Genetic and evolutionary relationships
For humans, 53 loci belonging to 29 subfamilies have been mapped on the genome [http://www.ncbi.nlm.nih.gov/UniGene/Hs.Home.html]. Except for the clustering of S100 genes on chromosome lq21 there is no discernible pattern in the distribution of loci.
Several isoforms of TNC, ELC, RLC, S100, and PARV are available in a single organisms. Three genes of CAM have been repoted in human, which encode the same proteinsequence. Two isoforms of CAM have been reported in Arbacia punctulata and in Arabidopsis thaliana and several vertebrates have pseudogenes for CAM. The two isoforms of RLC, L1 and L4, are generated by different initiation sites and different splicing of exons. The C-terminal 140 residues are identical.
The evolution of EF-hand proteins was recently reviewed and summarized:
(1) Multidomain proteins should be classified in terms of their constituent domains. Congruence must be established before the entire sequences of proteins can be compared.
(2) The relationships of the branches in the dendrograms of the EF-hand subfamilies are statistically significant.

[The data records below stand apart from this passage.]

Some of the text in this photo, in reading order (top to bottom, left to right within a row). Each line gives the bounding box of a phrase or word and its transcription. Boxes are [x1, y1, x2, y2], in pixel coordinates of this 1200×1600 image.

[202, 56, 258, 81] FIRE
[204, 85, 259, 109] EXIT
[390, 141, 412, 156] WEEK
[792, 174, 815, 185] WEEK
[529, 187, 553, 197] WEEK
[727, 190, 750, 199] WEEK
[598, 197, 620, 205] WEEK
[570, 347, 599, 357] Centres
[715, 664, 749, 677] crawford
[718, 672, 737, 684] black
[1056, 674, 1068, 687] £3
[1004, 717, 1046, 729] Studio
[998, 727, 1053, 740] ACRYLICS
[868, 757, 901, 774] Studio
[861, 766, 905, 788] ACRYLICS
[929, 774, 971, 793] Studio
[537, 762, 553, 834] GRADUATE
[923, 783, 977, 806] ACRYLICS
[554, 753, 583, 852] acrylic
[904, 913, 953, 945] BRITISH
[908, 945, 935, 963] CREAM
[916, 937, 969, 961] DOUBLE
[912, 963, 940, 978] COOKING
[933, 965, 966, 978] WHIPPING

(3) CAM, TNC, ELC, and RLC are congruent with one another. The five domains of CALP evolved from a single CALP precursor domain; the four domains of SARC evolved from an ur-SARC domain. The CAM-TNC-ELC-RLC/SARC-CALP dendrogram provides a reference tree for estimating the origins of the domains of the other 60 subfamilies. Several of the subfamilies evolved by complex patterns of gene duplications, translocations, and splicings. This is reflected both in the diversities of their domain origins and their chromosomal locations.

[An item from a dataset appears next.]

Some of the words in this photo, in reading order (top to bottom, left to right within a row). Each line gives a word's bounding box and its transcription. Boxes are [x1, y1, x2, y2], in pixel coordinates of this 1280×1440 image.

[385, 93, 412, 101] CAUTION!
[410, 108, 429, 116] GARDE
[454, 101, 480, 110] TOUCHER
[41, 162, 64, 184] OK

(5) Even within CAM-TNC-ELC-RLC and its congruent subfamilies and certainly for the other subfamilies one cannot recognize a pattern or sequence of subfamily origins. The several subfamilies seem to have radiated from one point. This may reflect turbulent speciation events or, more likely, multiple mutations whose order cannot be reconstructed.
(6) Functional and physical properties, such as calcium coordination, vary within subfamilies.

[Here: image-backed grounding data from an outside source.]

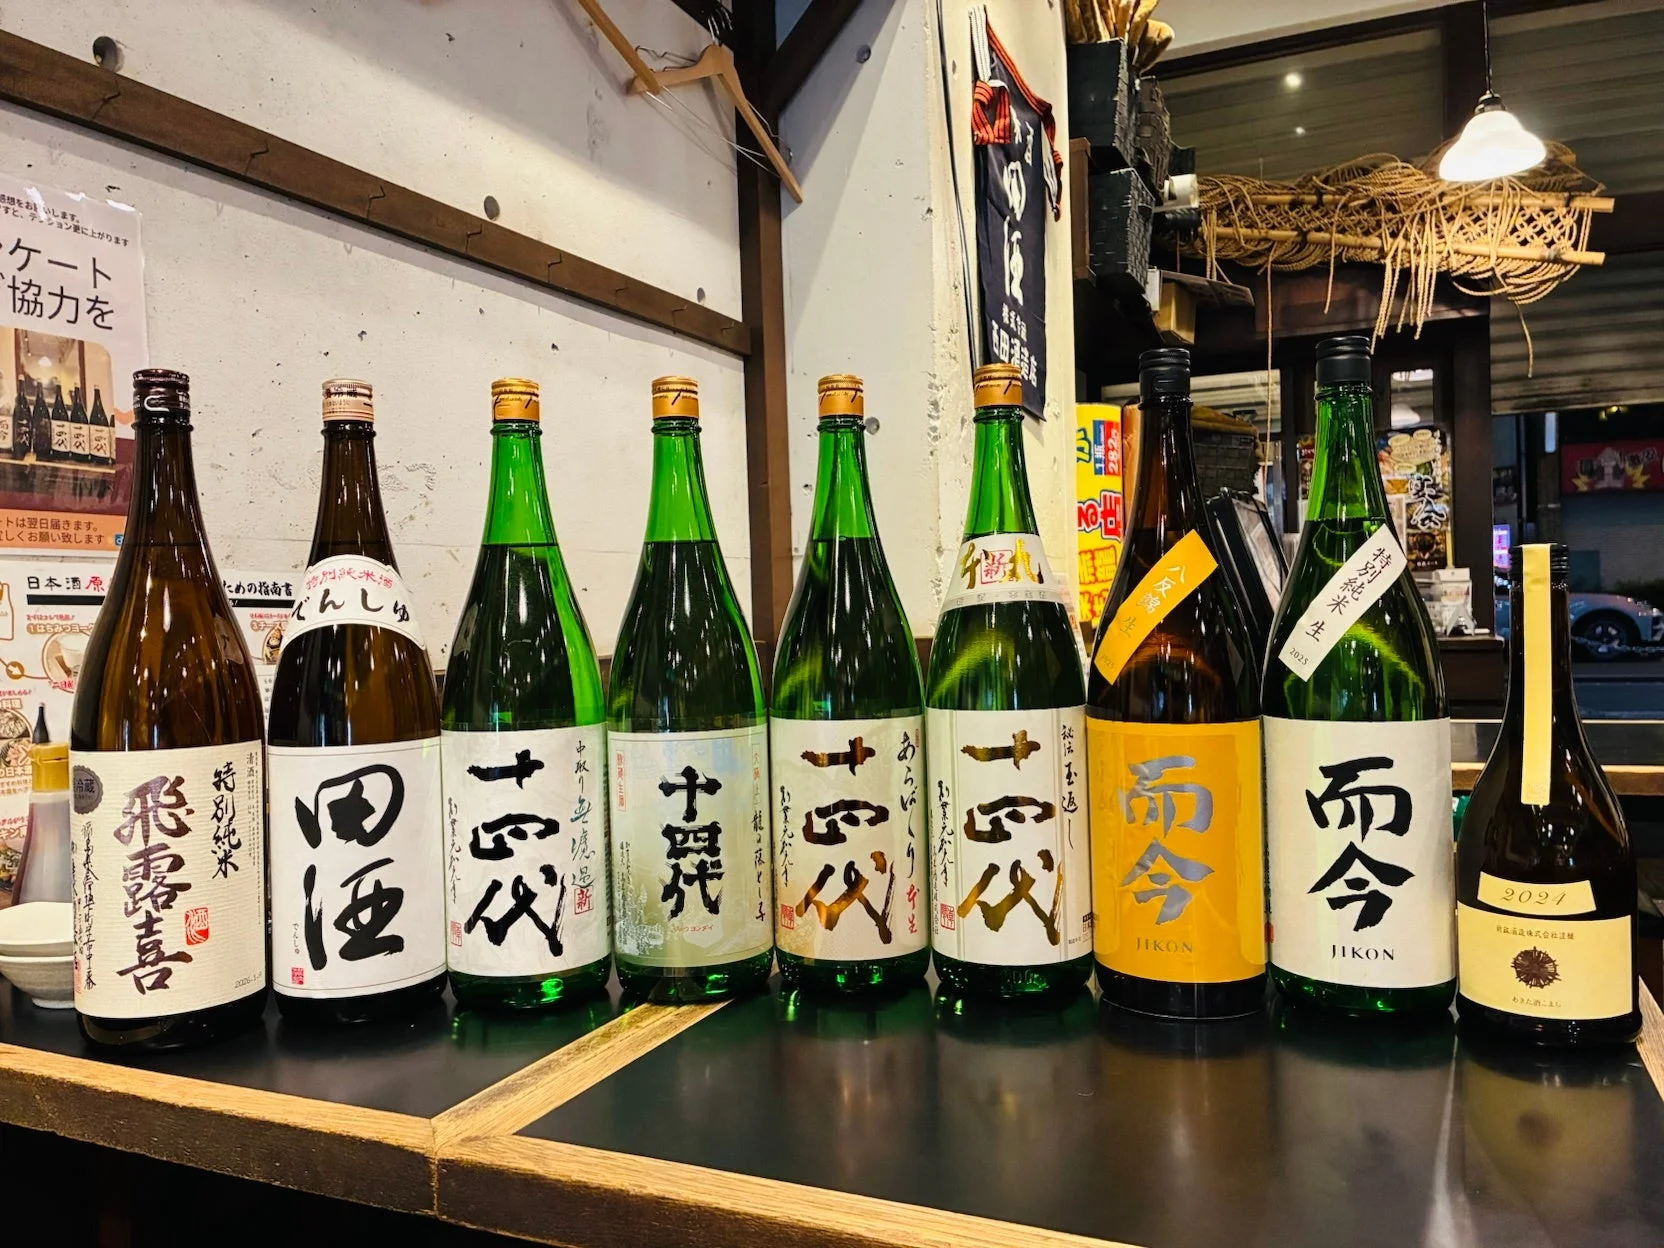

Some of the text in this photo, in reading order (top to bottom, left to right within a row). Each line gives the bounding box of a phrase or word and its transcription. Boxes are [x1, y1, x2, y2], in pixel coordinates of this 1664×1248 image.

[0, 237, 111, 289] ケート
[0, 272, 114, 331] 協力を
[0, 515, 99, 532] トは翌日届きます。
[305, 566, 394, 591] 特別純米酒
[1305, 546, 1392, 643] 特別純米 生
[211, 761, 242, 879] 特別純米
[294, 763, 405, 971] 田酒
[466, 749, 564, 958] 十四代
[658, 765, 725, 921] 十四代
[801, 736, 896, 944] 十四代
[957, 729, 1063, 946] 十四代
[1117, 755, 1216, 926] 而今
[1305, 756, 1416, 932] 而今
[113, 775, 194, 996] 飛露喜
[1501, 887, 1567, 906] 2024
[1135, 937, 1194, 954] JIKON
[1330, 944, 1395, 961] JIKON

(7) Conversely, (members of) different subfamilies have often converged toward similar characters. We do not recognize a systematic variation of characteristics among subfamilies. Most of the subfamilies appear to have evolved from a few precursors with no systematic correlation of structure or of function with branching patterns of subfamilies (domains) relative to one another.
(8) Since many of the subfamilies are represented by multiple isoforms, one must exercise extreme caution in using EF-hand proteins as markers to follow the evolution of species.
(9) The distributions of introns in the encoding genes precludes the correspondence of exons with EF-hand domains; exon shuffling did not play a significant role in the evolution of this family (see Table 9, later??).
(10) The dendrograms based on encoding DNAs are parallel within stochastic fluctuation to those based on protein sequence for TNC, ELC, RLC, CALP, PARV, and S100.
(11) The classifications of CAM by protein and by nucleic acids sequences present several intriguing and unresolved contradictions.